Work required:
Every record that follows should be written out again without any change.

Data for this task:

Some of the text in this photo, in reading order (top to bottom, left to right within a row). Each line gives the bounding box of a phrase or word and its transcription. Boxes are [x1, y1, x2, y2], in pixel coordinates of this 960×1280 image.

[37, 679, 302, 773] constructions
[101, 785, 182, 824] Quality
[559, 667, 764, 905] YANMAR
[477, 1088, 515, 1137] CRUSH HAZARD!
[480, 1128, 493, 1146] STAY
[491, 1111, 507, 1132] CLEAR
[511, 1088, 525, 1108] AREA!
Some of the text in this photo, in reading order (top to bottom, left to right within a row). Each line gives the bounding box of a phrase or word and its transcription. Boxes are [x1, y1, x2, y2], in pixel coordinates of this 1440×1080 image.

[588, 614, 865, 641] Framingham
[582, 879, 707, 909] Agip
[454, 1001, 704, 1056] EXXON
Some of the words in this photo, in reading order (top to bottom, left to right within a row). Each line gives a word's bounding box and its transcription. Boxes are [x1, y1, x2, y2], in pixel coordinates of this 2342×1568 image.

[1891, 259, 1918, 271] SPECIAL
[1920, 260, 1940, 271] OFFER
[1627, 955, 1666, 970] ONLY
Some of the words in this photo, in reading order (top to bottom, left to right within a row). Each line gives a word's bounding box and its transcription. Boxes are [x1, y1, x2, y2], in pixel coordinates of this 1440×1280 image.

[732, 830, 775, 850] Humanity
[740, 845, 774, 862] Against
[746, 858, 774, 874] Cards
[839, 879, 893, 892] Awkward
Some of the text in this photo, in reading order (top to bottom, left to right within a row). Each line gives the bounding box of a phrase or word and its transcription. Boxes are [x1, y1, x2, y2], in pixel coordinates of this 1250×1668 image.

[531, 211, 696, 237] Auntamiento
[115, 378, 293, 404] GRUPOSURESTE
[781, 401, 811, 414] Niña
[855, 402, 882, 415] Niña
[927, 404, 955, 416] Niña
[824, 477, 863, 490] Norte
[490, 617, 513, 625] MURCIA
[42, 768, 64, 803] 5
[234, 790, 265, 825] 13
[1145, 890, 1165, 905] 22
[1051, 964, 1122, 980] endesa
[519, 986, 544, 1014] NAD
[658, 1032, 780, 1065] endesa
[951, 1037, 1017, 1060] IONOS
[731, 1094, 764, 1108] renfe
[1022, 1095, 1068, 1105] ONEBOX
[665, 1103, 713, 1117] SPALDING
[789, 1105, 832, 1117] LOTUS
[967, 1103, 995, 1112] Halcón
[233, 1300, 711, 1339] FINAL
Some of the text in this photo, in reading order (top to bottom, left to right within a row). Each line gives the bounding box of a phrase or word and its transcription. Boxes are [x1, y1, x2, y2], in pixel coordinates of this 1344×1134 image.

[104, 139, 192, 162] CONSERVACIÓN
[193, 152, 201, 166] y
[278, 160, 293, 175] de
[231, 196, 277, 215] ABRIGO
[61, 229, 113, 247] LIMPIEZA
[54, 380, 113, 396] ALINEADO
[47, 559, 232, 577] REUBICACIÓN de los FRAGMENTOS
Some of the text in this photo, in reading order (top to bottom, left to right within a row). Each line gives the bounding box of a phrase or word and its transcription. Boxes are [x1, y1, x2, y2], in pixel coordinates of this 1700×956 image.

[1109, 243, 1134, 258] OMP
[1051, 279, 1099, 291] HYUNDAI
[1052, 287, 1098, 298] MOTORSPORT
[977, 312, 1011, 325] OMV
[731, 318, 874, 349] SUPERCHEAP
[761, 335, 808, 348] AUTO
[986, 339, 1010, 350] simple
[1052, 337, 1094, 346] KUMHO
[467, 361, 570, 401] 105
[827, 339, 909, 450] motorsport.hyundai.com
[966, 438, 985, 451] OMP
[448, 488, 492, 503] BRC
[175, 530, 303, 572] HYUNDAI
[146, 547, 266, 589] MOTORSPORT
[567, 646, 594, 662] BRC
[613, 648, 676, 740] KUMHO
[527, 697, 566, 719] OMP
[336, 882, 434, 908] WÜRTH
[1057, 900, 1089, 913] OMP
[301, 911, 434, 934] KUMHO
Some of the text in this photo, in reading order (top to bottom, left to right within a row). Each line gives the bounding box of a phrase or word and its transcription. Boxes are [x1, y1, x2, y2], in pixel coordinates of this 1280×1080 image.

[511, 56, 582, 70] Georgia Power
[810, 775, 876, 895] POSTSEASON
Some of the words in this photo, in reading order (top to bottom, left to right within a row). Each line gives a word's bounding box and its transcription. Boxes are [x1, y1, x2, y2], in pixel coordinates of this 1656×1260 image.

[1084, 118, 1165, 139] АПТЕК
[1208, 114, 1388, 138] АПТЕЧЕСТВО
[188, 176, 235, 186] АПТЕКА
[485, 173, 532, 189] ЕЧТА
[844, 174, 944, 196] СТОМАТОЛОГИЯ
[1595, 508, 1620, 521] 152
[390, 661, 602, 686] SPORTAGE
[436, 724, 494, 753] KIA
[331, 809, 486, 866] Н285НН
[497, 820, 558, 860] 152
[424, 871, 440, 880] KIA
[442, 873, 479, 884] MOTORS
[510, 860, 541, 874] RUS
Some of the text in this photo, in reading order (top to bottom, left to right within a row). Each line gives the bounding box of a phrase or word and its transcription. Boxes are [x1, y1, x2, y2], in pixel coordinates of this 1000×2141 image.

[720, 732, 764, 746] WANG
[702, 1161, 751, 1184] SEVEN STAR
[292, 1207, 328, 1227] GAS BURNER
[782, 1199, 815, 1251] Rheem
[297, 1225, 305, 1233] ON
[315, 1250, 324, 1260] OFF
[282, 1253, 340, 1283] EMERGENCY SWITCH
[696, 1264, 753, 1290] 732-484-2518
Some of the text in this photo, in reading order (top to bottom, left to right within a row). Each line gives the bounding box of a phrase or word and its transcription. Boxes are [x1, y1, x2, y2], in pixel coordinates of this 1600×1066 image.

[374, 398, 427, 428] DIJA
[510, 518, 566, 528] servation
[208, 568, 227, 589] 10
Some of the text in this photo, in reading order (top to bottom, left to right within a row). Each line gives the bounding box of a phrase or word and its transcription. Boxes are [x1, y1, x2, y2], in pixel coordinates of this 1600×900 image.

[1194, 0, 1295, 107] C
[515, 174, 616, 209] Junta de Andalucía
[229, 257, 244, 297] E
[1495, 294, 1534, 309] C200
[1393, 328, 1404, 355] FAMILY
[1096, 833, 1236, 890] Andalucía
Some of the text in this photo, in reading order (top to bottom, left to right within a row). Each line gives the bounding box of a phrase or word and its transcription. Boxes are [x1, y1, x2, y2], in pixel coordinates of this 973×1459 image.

Response to the exercise:
Some of the text in this photo, in reading order (top to bottom, left to right within a row). Each line gives the bounding box of a phrase or word and its transcription. Boxes are [x1, y1, x2, y2], in pixel coordinates of this 960×1280 image.

[37, 679, 302, 773] constructions
[101, 785, 182, 824] Quality
[559, 667, 764, 905] YANMAR
[477, 1088, 515, 1137] CRUSH HAZARD!
[480, 1128, 493, 1146] STAY
[491, 1111, 507, 1132] CLEAR
[511, 1088, 525, 1108] AREA!
Some of the text in this photo, in reading order (top to bottom, left to right within a row). Each line gives the bounding box of a phrase or word and its transcription. Boxes are [x1, y1, x2, y2], in pixel coordinates of this 1440×1080 image.

[588, 614, 865, 641] Framingham
[582, 879, 707, 909] Agip
[454, 1001, 704, 1056] EXXON
Some of the words in this photo, in reading order (top to bottom, left to right within a row). Each line gives a word's bounding box and its transcription. Boxes are [x1, y1, x2, y2], in pixel coordinates of this 2342×1568 image.

[1891, 259, 1918, 271] SPECIAL
[1920, 260, 1940, 271] OFFER
[1627, 955, 1666, 970] ONLY
Some of the words in this photo, in reading order (top to bottom, left to right within a row). Each line gives a word's bounding box and its transcription. Boxes are [x1, y1, x2, y2], in pixel coordinates of this 1440×1280 image.

[732, 830, 775, 850] Humanity
[740, 845, 774, 862] Against
[746, 858, 774, 874] Cards
[839, 879, 893, 892] Awkward
Some of the text in this photo, in reading order (top to bottom, left to right within a row). Each line gives the bounding box of a phrase or word and its transcription. Boxes are [x1, y1, x2, y2], in pixel coordinates of this 1250×1668 image.

[531, 211, 696, 237] Auntamiento
[115, 378, 293, 404] GRUPOSURESTE
[781, 401, 811, 414] Niña
[855, 402, 882, 415] Niña
[927, 404, 955, 416] Niña
[824, 477, 863, 490] Norte
[490, 617, 513, 625] MURCIA
[42, 768, 64, 803] 5
[234, 790, 265, 825] 13
[1145, 890, 1165, 905] 22
[1051, 964, 1122, 980] endesa
[519, 986, 544, 1014] NAD
[658, 1032, 780, 1065] endesa
[951, 1037, 1017, 1060] IONOS
[731, 1094, 764, 1108] renfe
[1022, 1095, 1068, 1105] ONEBOX
[665, 1103, 713, 1117] SPALDING
[789, 1105, 832, 1117] LOTUS
[967, 1103, 995, 1112] Halcón
[233, 1300, 711, 1339] FINAL
Some of the text in this photo, in reading order (top to bottom, left to right within a row). Each line gives the bounding box of a phrase or word and its transcription. Boxes are [x1, y1, x2, y2], in pixel coordinates of this 1344×1134 image.

[104, 139, 192, 162] CONSERVACIÓN
[193, 152, 201, 166] y
[278, 160, 293, 175] de
[231, 196, 277, 215] ABRIGO
[61, 229, 113, 247] LIMPIEZA
[54, 380, 113, 396] ALINEADO
[47, 559, 232, 577] REUBICACIÓN de los FRAGMENTOS
Some of the text in this photo, in reading order (top to bottom, left to right within a row). Each line gives the bounding box of a phrase or word and its transcription. Boxes are [x1, y1, x2, y2], in pixel coordinates of this 1700×956 image.

[1109, 243, 1134, 258] OMP
[1051, 279, 1099, 291] HYUNDAI
[1052, 287, 1098, 298] MOTORSPORT
[977, 312, 1011, 325] OMV
[731, 318, 874, 349] SUPERCHEAP
[761, 335, 808, 348] AUTO
[986, 339, 1010, 350] simple
[1052, 337, 1094, 346] KUMHO
[467, 361, 570, 401] 105
[827, 339, 909, 450] motorsport.hyundai.com
[966, 438, 985, 451] OMP
[448, 488, 492, 503] BRC
[175, 530, 303, 572] HYUNDAI
[146, 547, 266, 589] MOTORSPORT
[567, 646, 594, 662] BRC
[613, 648, 676, 740] KUMHO
[527, 697, 566, 719] OMP
[336, 882, 434, 908] WÜRTH
[1057, 900, 1089, 913] OMP
[301, 911, 434, 934] KUMHO
Some of the text in this photo, in reading order (top to bottom, left to right within a row). Each line gives the bounding box of a phrase or word and its transcription. Boxes are [x1, y1, x2, y2], in pixel coordinates of this 1280×1080 image.

[511, 56, 582, 70] Georgia Power
[810, 775, 876, 895] POSTSEASON
Some of the words in this photo, in reading order (top to bottom, left to right within a row). Each line gives a word's bounding box and its transcription. Boxes are [x1, y1, x2, y2], in pixel coordinates of this 1656×1260 image.

[1084, 118, 1165, 139] АПТЕК
[1208, 114, 1388, 138] АПТЕЧЕСТВО
[188, 176, 235, 186] АПТЕКА
[485, 173, 532, 189] ЕЧТА
[844, 174, 944, 196] СТОМАТОЛОГИЯ
[1595, 508, 1620, 521] 152
[390, 661, 602, 686] SPORTAGE
[436, 724, 494, 753] KIA
[331, 809, 486, 866] Н285НН
[497, 820, 558, 860] 152
[424, 871, 440, 880] KIA
[442, 873, 479, 884] MOTORS
[510, 860, 541, 874] RUS
Some of the text in this photo, in reading order (top to bottom, left to right within a row). Each line gives the bounding box of a phrase or word and its transcription. Boxes are [x1, y1, x2, y2], in pixel coordinates of this 1000×2141 image.

[720, 732, 764, 746] WANG
[702, 1161, 751, 1184] SEVEN STAR
[292, 1207, 328, 1227] GAS BURNER
[782, 1199, 815, 1251] Rheem
[297, 1225, 305, 1233] ON
[315, 1250, 324, 1260] OFF
[282, 1253, 340, 1283] EMERGENCY SWITCH
[696, 1264, 753, 1290] 732-484-2518
Some of the text in this photo, in reading order (top to bottom, left to right within a row). Each line gives the bounding box of a phrase or word and its transcription. Boxes are [x1, y1, x2, y2], in pixel coordinates of this 1600×1066 image.

[374, 398, 427, 428] DIJA
[510, 518, 566, 528] servation
[208, 568, 227, 589] 10
Some of the text in this photo, in reading order (top to bottom, left to right within a row). Each line gives the bounding box of a phrase or word and its transcription. Boxes are [x1, y1, x2, y2], in pixel coordinates of this 1600×900 image.

[1194, 0, 1295, 107] C
[515, 174, 616, 209] Junta de Andalucía
[229, 257, 244, 297] E
[1495, 294, 1534, 309] C200
[1393, 328, 1404, 355] FAMILY
[1096, 833, 1236, 890] Andalucía
Some of the text in this photo, in reading order (top to bottom, left to right within a row). Each line gives the bounding box of a phrase or word and its transcription. Boxes are [x1, y1, x2, y2], in pixel coordinates of this 973×1459 image.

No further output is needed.